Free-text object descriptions
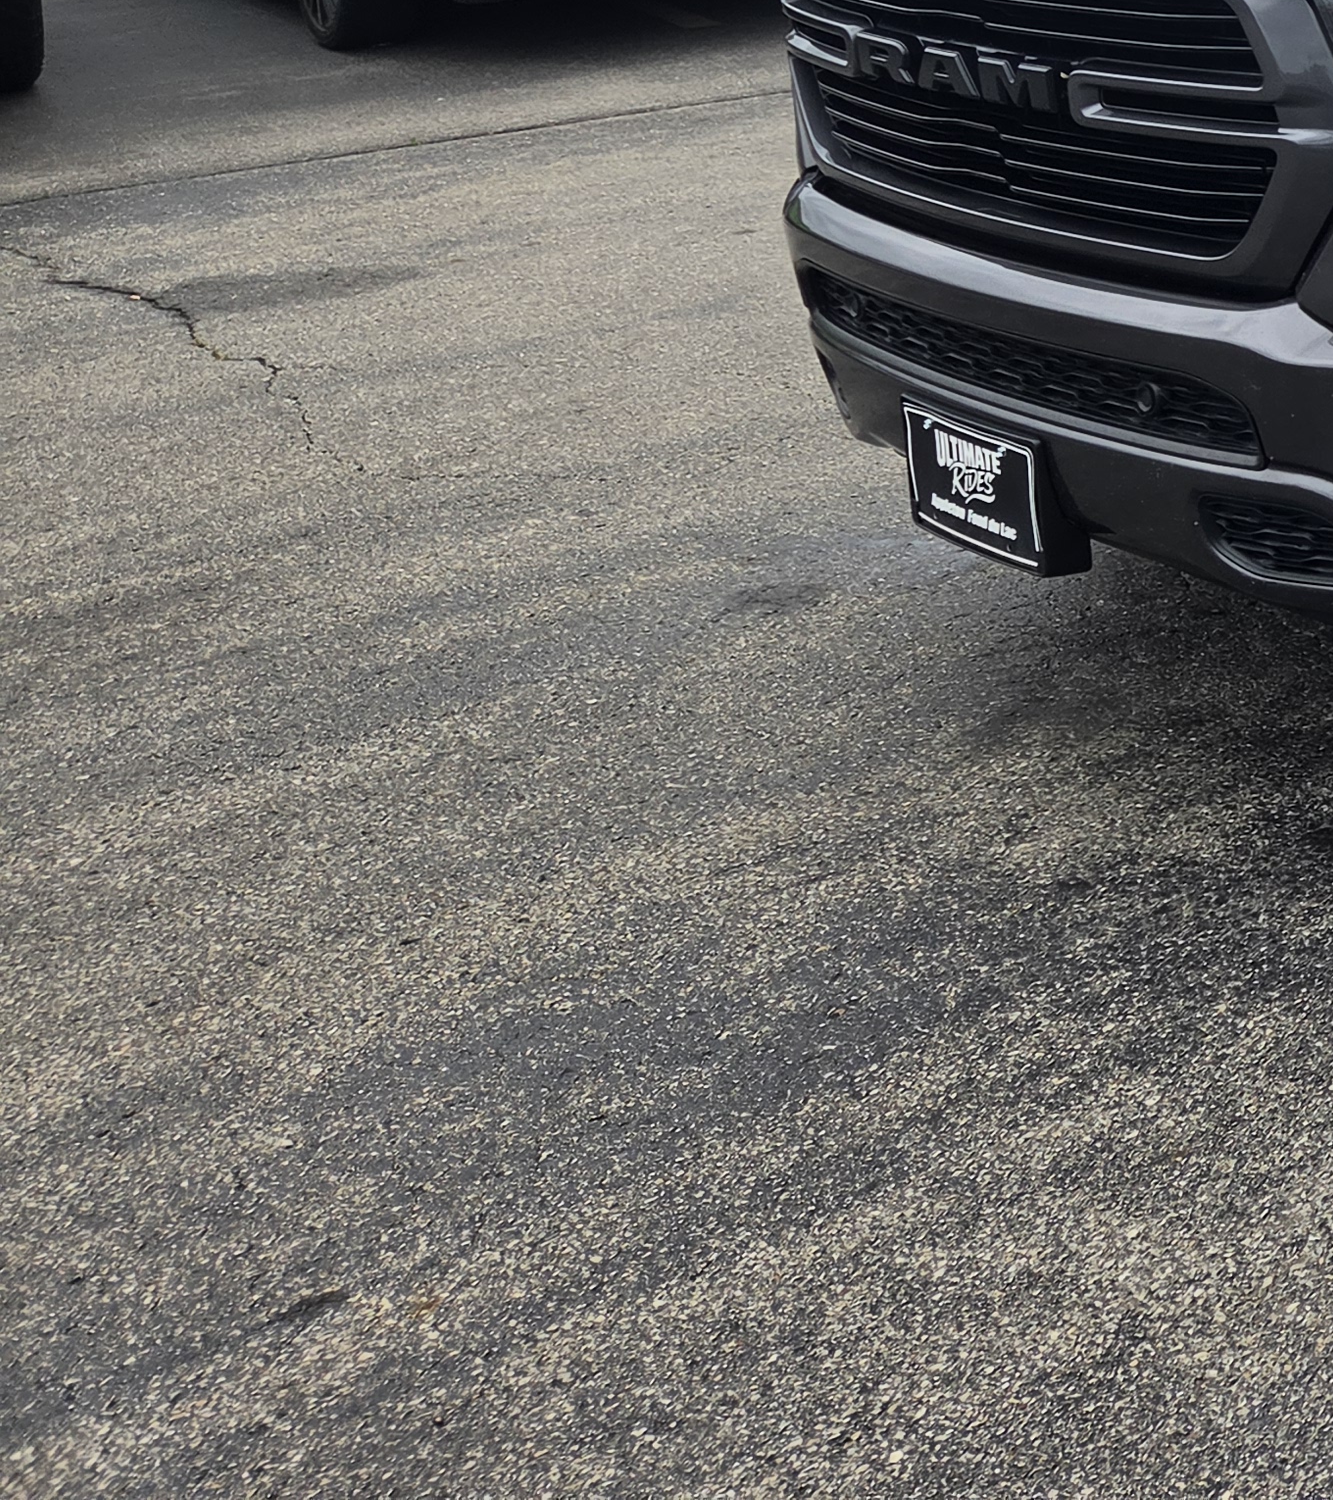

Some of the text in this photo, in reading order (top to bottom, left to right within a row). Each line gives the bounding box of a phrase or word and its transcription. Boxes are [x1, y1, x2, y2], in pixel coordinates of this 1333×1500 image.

[856, 30, 1056, 114] RAM
[934, 428, 1002, 475] ULTIMATE
[949, 461, 997, 505] RIDES
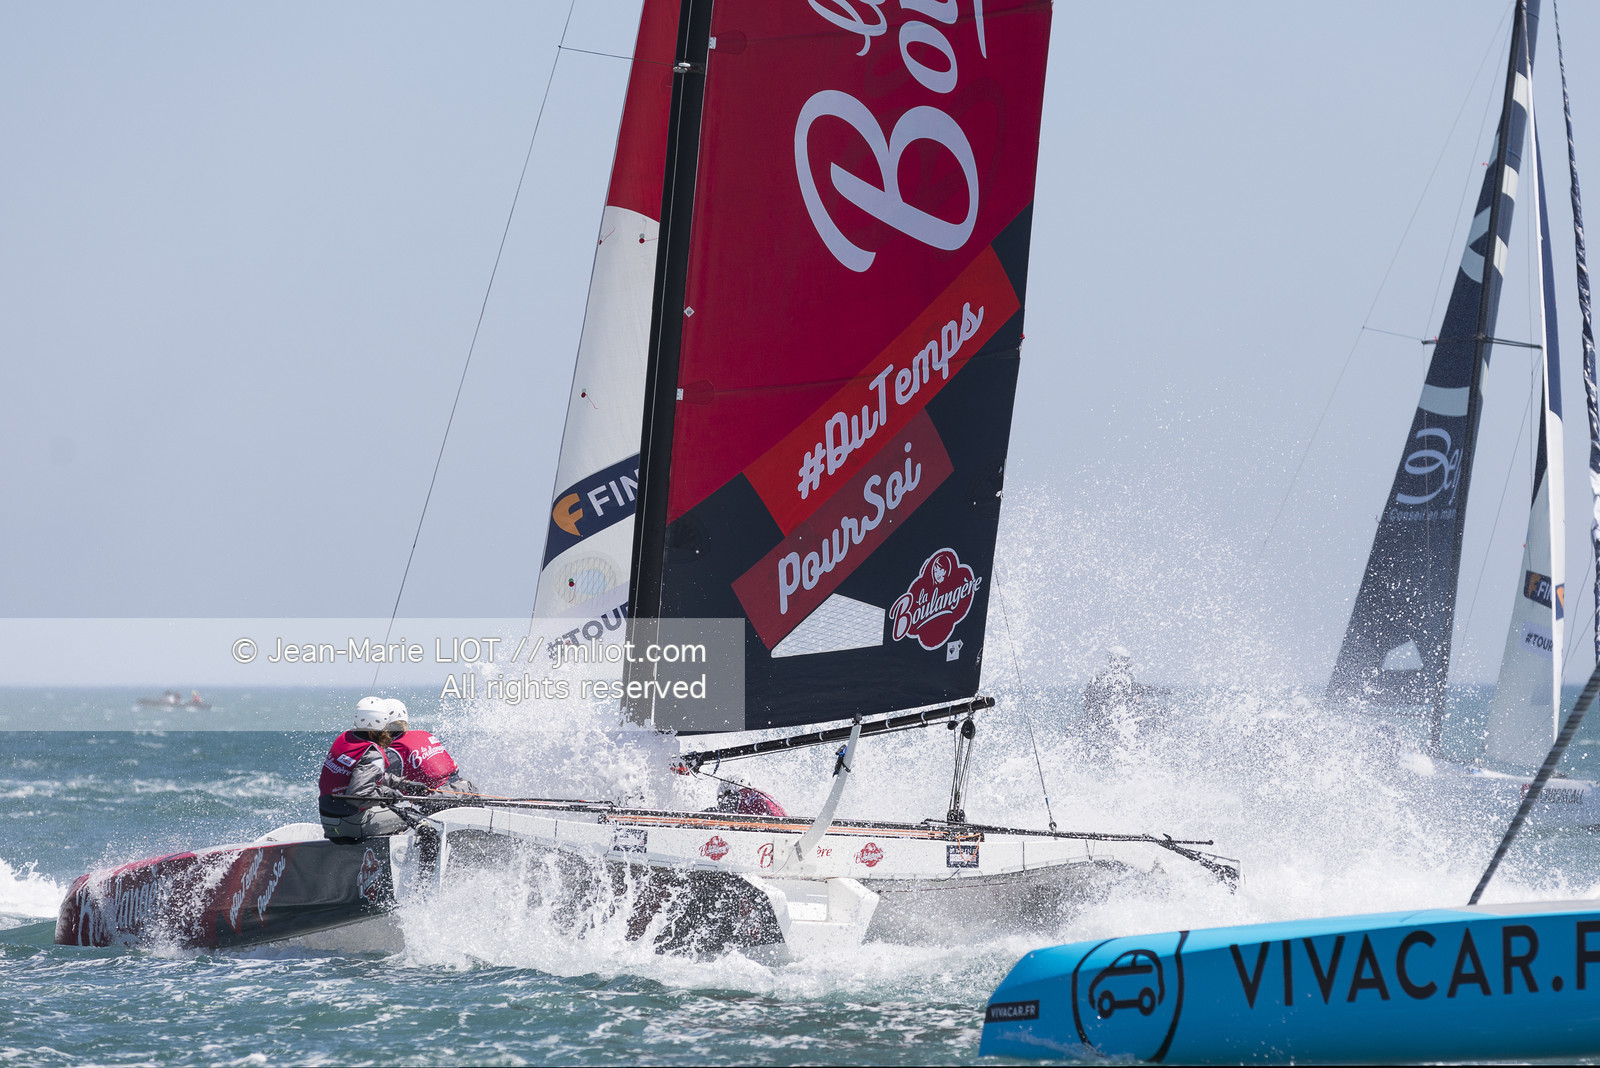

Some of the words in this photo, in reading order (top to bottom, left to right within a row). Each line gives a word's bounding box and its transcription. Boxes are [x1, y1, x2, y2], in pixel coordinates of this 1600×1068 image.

[797, 302, 984, 500] #DuTemps
[889, 576, 982, 641] Boulangère
[916, 588, 928, 606] la
[990, 1004, 1036, 1018] VIVACAR.FR
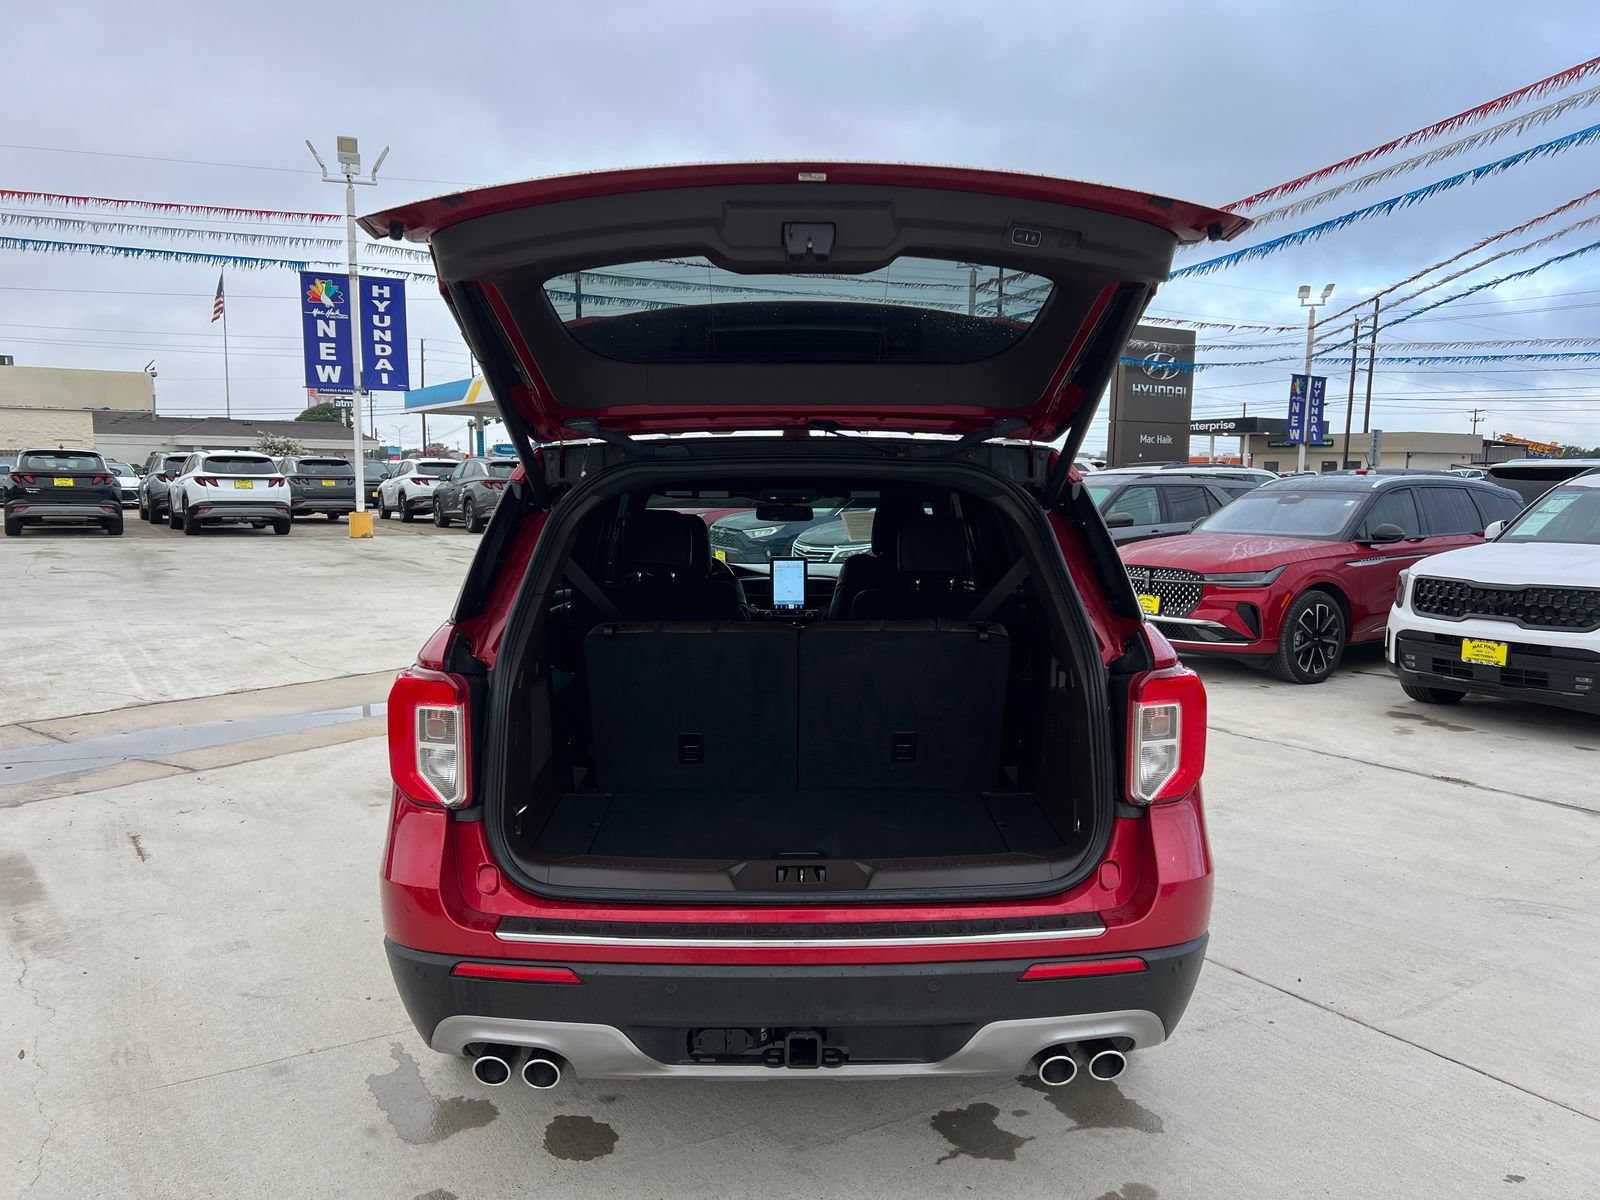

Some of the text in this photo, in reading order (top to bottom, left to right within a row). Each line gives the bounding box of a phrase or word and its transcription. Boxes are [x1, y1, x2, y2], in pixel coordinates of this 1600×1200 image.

▶ TASK PROMPT: Could you write the entries out again exactly, without their pictures?

▶ ANSWER FOR THIS EXERCISE:
Some of the text in this photo, in reading order (top to bottom, left to right within a row). Each line gives the bounding box of a phrase or word and its transcription. Boxes are [x1, y1, x2, y2], in pixel coordinates of this 1333×1500 image.

[856, 30, 1056, 114] RAM
[934, 428, 1002, 475] ULTIMATE
[949, 461, 997, 505] RIDES

Some of the words in this photo, in reading order (top to bottom, left to right within a row). Each line gives a word's bounding box and its transcription. Boxes are [x1, y1, x2, y2], in pixel coordinates of this 1600×1068 image.

[797, 302, 984, 500] #DuTemps
[889, 576, 982, 641] Boulangère
[916, 588, 928, 606] la
[990, 1004, 1036, 1018] VIVACAR.FR

Some of the text in this photo, in reading order (top to bottom, left to right within a row). Each line gives the bounding box of a phrase or word and its transcription. Boxes are [x1, y1, x2, y2], in pixel coordinates of this 1600×1200 image.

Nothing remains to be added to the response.